1. The Applicant’s discussion and analysis must address your financial

statements and other statistical data that will enhance a reader's
understanding of the Applicant’s financial condition, changes in its
financial condition, and results of operations. Generally, the Applicant
must discuss the three-year period covered by the financial statements
and use year-to-year comparisons to enhance a reader's understanding.
2. The Applicant’s discussion and analysis should provide members with

relevant information to assess its financial condition and results of
operations, based on the members’ evaluation of the amounts and
certainty of cash flows from operations and from outside sources.
3. The Applicant’s discussion and analysis must specifically focus on

material events and uncertainties known to it that would cause reported
financial information not to be indicative of future operating results or of
future financial condition.
4. If the consolidated and/or parent-only financial statements reveal

material changes from year to year in one or more line items, the
Applicant must state the causes for the changes if the causes are
necessary to understand its business as a whole.
5. The Board of Governors of the Federal Reserve System (“Board”)

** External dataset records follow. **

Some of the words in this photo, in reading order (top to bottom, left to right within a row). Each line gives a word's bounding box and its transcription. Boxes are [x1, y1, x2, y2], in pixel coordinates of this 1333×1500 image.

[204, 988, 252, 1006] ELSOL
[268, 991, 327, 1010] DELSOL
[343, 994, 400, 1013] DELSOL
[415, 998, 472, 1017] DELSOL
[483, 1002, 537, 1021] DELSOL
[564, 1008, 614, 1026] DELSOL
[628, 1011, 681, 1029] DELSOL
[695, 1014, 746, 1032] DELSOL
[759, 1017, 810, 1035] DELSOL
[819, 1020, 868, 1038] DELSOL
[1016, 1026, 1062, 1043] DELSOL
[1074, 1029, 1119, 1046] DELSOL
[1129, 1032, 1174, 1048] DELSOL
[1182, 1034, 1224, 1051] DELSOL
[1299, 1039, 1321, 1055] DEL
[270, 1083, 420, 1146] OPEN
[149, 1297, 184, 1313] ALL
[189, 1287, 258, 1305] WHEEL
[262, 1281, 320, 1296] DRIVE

encourages the Applicant, but does not require it, to supply forwardlooking information. The Applicant must disclose known data that will
have an impact upon future operating results, such as known future
increases in rates or other costs.
6. If the Applicant discloses narrative explanations of supplementary

information in accordance with SFAS 89, it may combine these
explanations with its discussion and analysis required under this
provision or it may supply the information separately. If the Applicant
combines the information, it must place it reasonably near the discussion
and analysis. If the Applicant does not combine the information, it may
omit the required discussion of the impact of inflation and cross
reference the explanations provided under SFAS 89.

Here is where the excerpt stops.